• Exercise materials
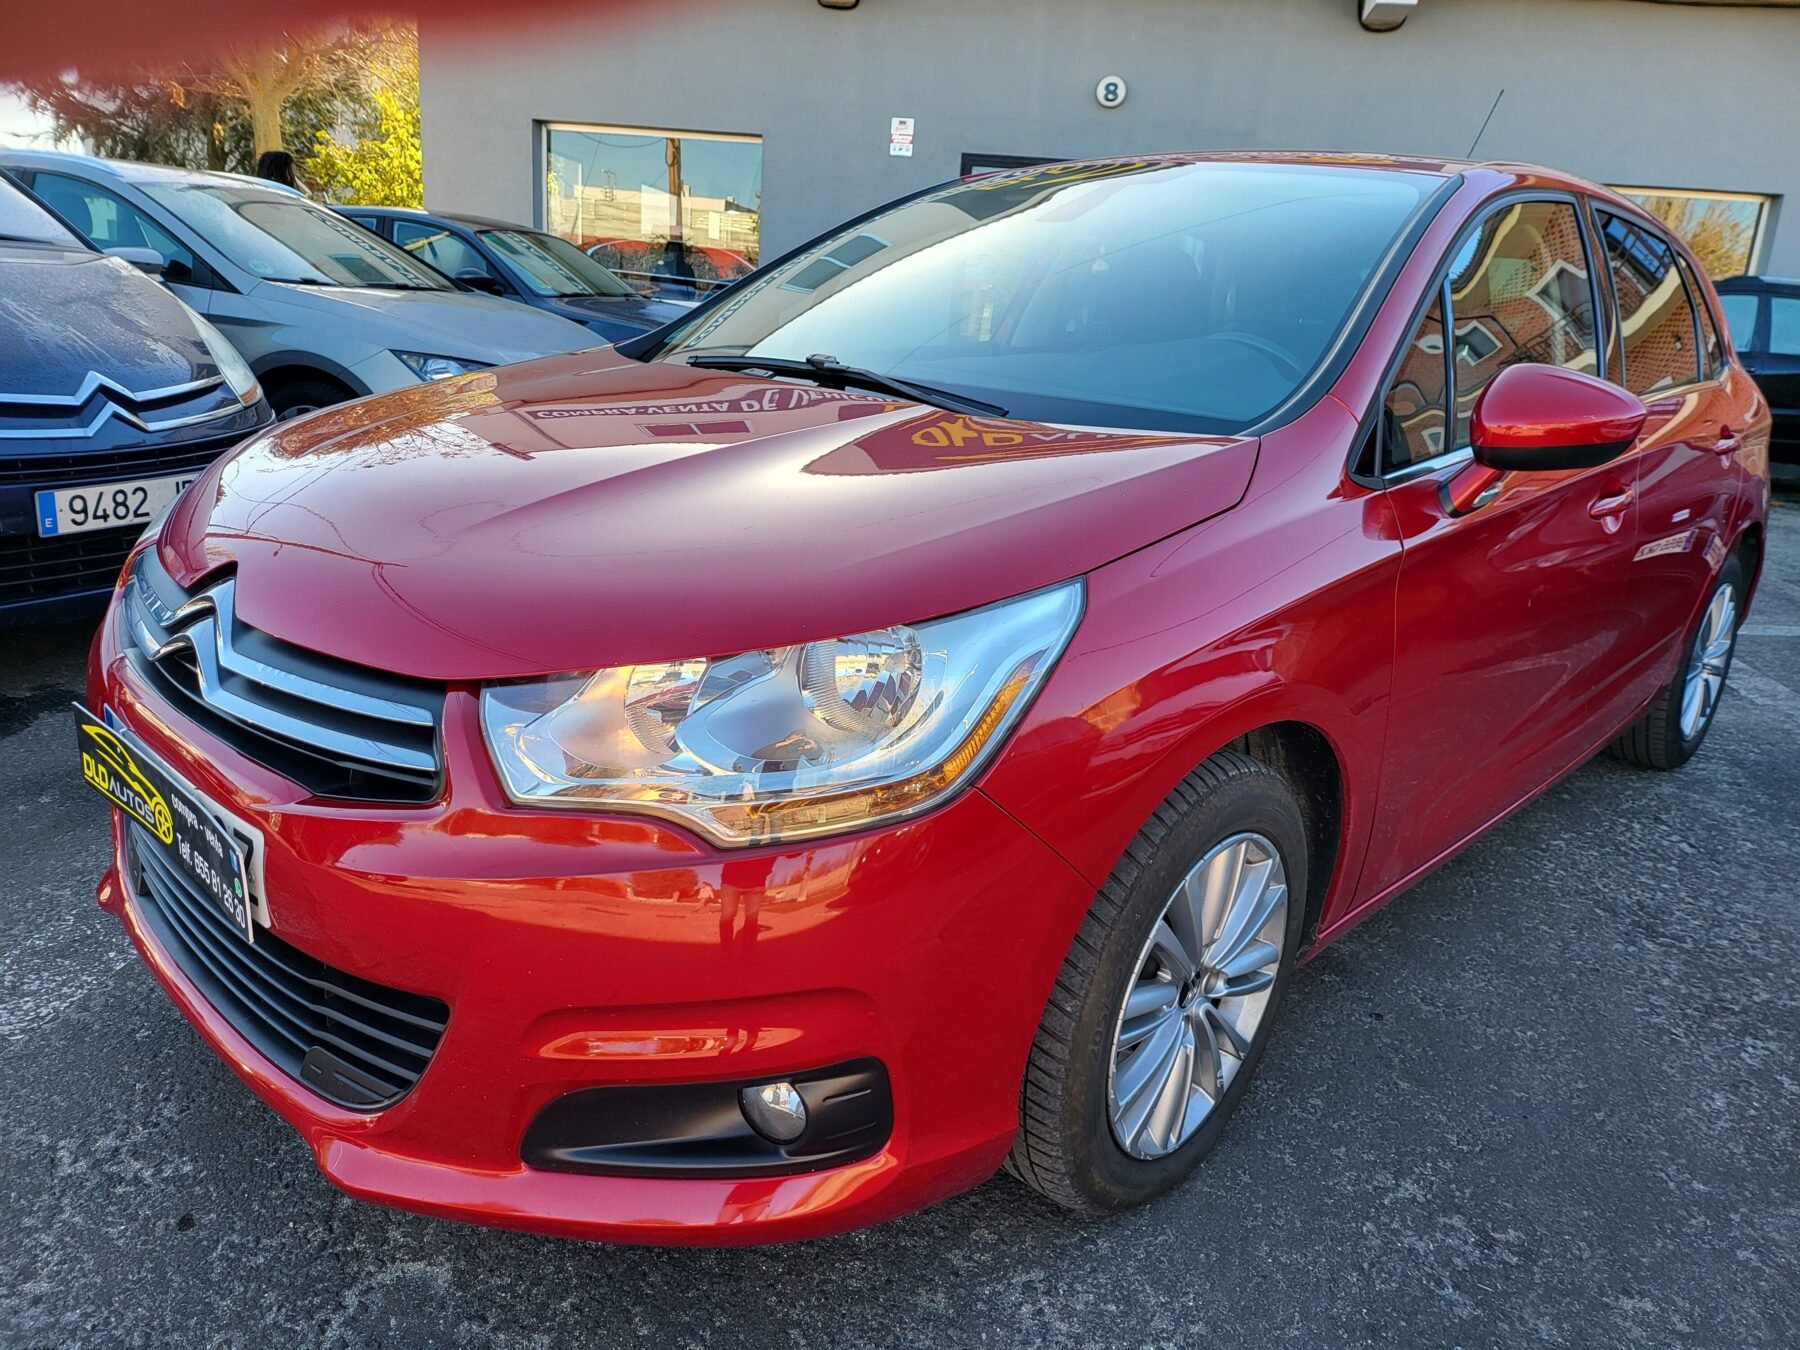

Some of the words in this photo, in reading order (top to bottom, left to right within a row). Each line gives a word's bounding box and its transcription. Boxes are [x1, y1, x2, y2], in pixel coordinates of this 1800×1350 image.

[1104, 82, 1118, 102] 8
[45, 518, 53, 528] E
[68, 486, 150, 526] 9482
[194, 850, 210, 885] 655
[211, 869, 221, 898] 81
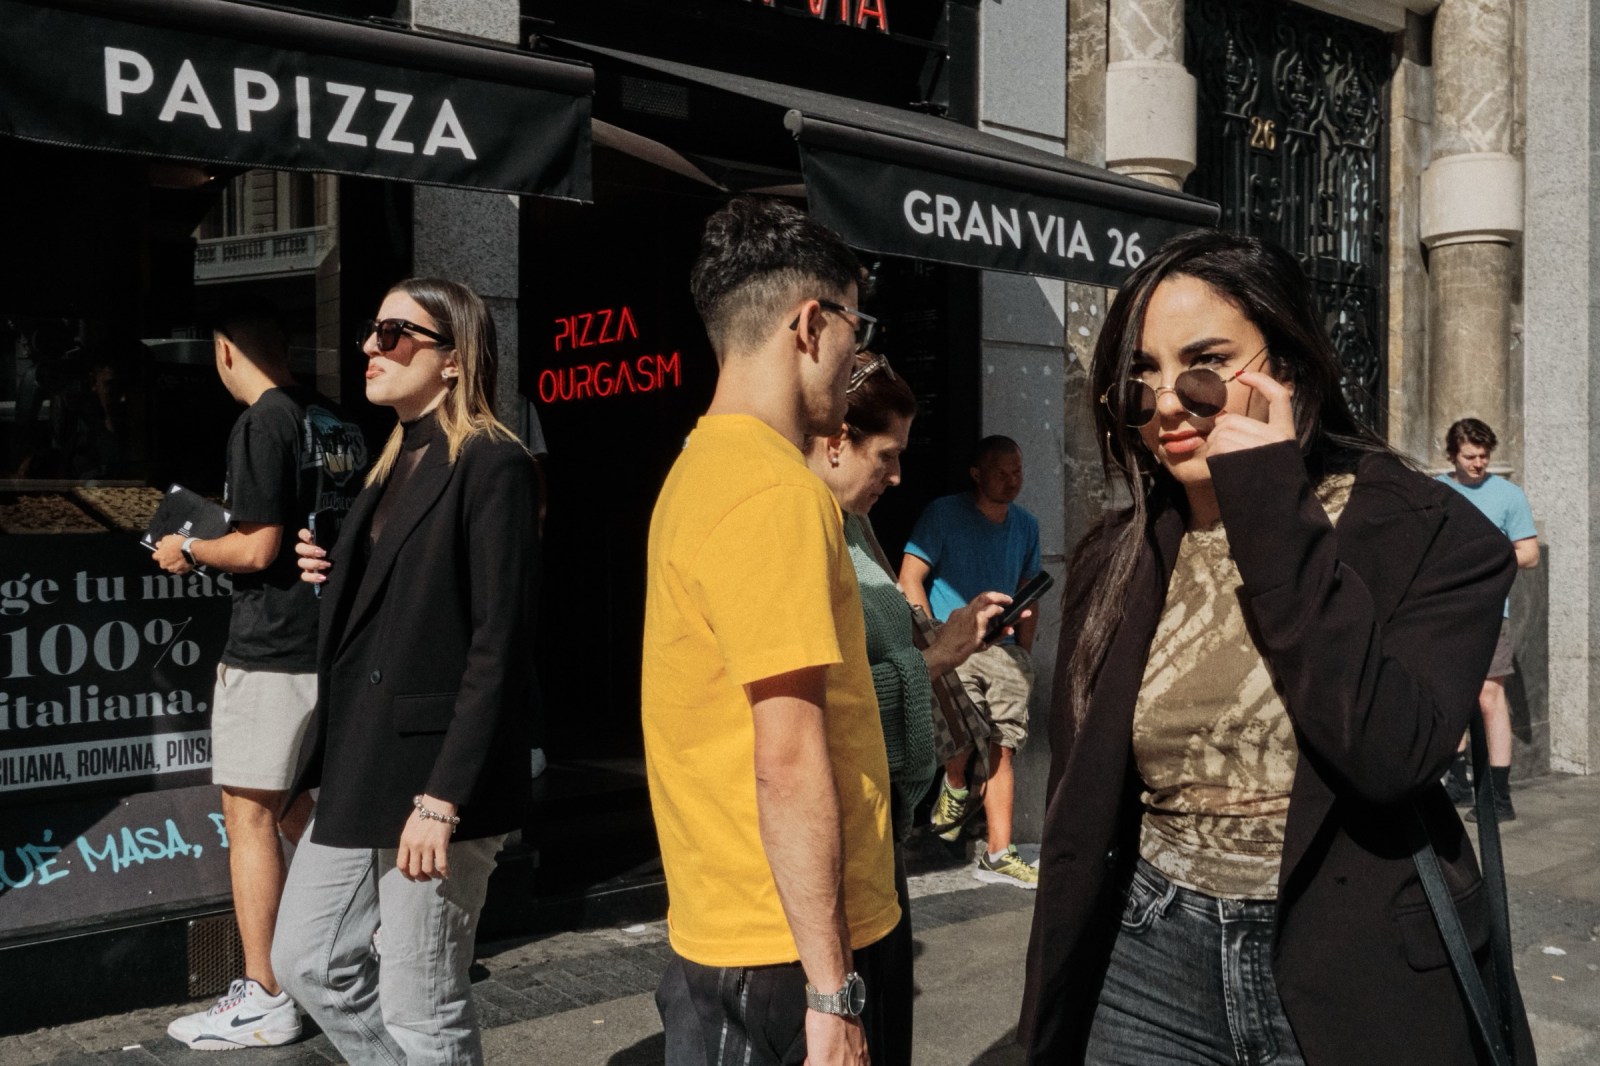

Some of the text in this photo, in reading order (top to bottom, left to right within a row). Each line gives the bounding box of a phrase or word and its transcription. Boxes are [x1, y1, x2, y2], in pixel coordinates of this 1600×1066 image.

[103, 46, 478, 161] PAPIZZA
[1251, 116, 1275, 150] 26
[903, 189, 1146, 269] GRAN VIA 26
[554, 306, 639, 352] PIZZA
[538, 352, 682, 403] OURGASM
[73, 570, 126, 604] tu
[1, 616, 201, 680] 100%
[0, 684, 208, 731] italiana.
[0, 751, 72, 787] ILIANA,
[77, 742, 161, 778] ROMANA,
[0, 828, 70, 891] UÉ
[76, 818, 203, 873] MASA,
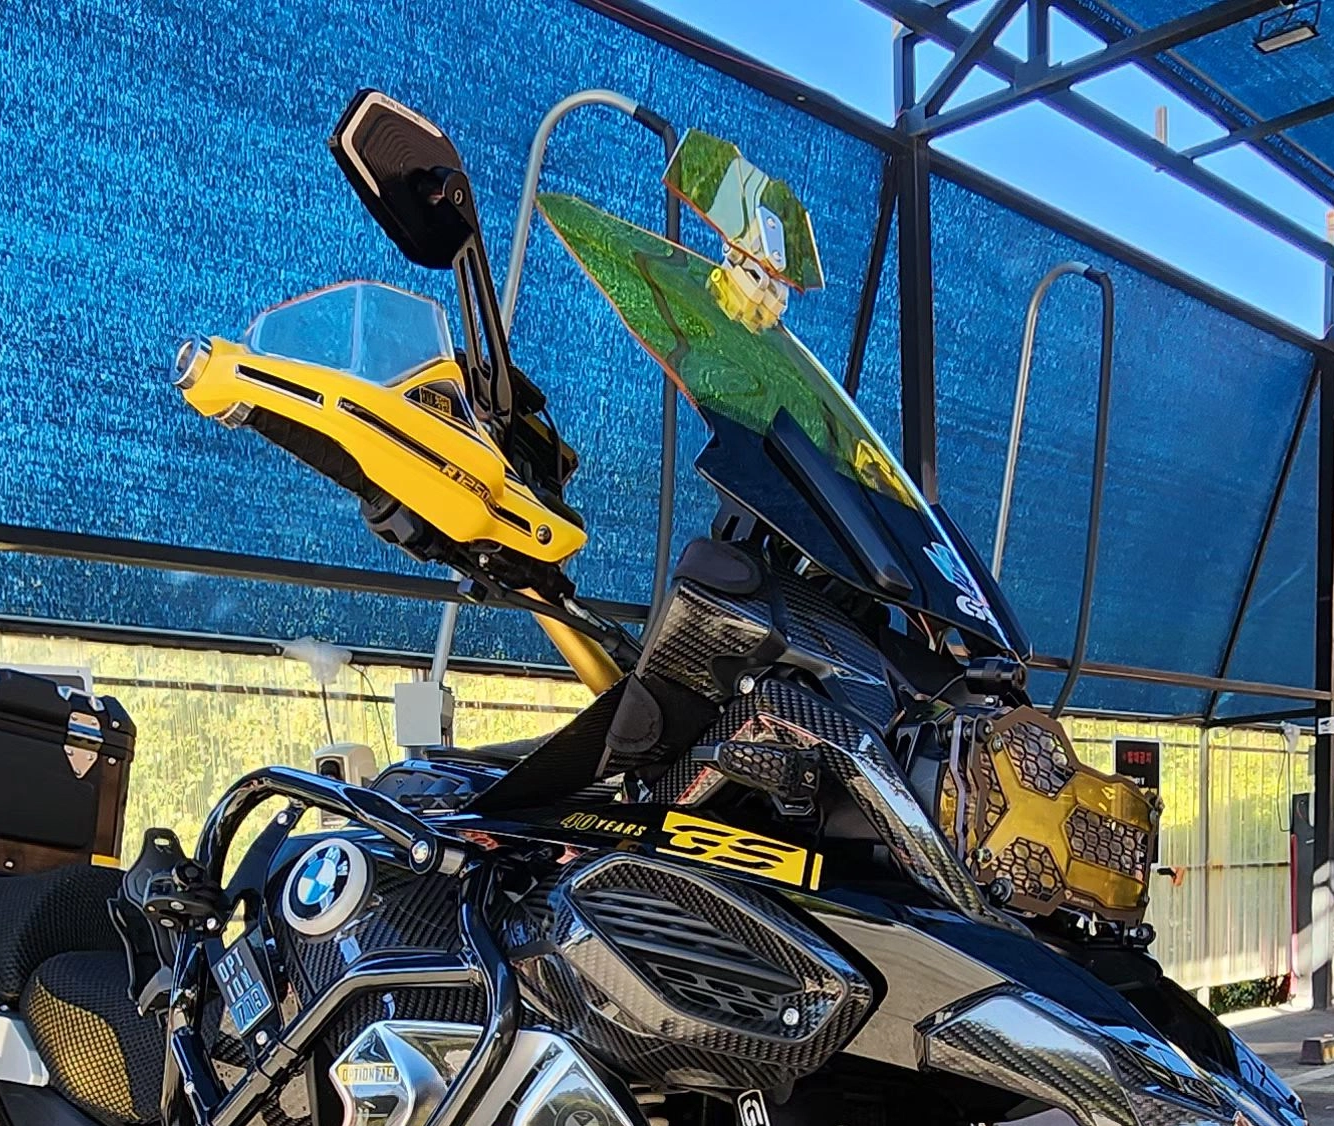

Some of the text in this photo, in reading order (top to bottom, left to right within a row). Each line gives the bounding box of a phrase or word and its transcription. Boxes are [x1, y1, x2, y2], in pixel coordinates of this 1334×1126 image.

• Exercise requirements
Repeat verbatim all the material, but not the pictures.

• Reply to the exercise
Some of the words in this photo, in reading order (top to bottom, left to right within a row). Each line gives a word's bounding box and its transcription. Boxes are [x1, y1, x2, y2], in pixel coordinates of this 1800×1350 image.

[1104, 82, 1118, 102] 8
[45, 518, 53, 528] E
[68, 486, 150, 526] 9482
[194, 850, 210, 885] 655
[211, 869, 221, 898] 81

Some of the text in this photo, in reading order (top to bottom, left to right within a row). Each line gives the bounding box of a phrase or word and its transcription. Boxes are [x1, y1, x2, y2], in pixel coordinates of this 1600×1066 image.

[103, 46, 478, 161] PAPIZZA
[1251, 116, 1275, 150] 26
[903, 189, 1146, 269] GRAN VIA 26
[554, 306, 639, 352] PIZZA
[538, 352, 682, 403] OURGASM
[73, 570, 126, 604] tu
[1, 616, 201, 680] 100%
[0, 684, 208, 731] italiana.
[0, 751, 72, 787] ILIANA,
[77, 742, 161, 778] ROMANA,
[0, 828, 70, 891] UÉ
[76, 818, 203, 873] MASA,

Some of the text in this photo, in reading order (top to bottom, left to right within a row). Each line gives the bounding box of a phrase or word and its transcription. Boxes are [x1, y1, x2, y2], in pixel coordinates of this 1334×1126 image.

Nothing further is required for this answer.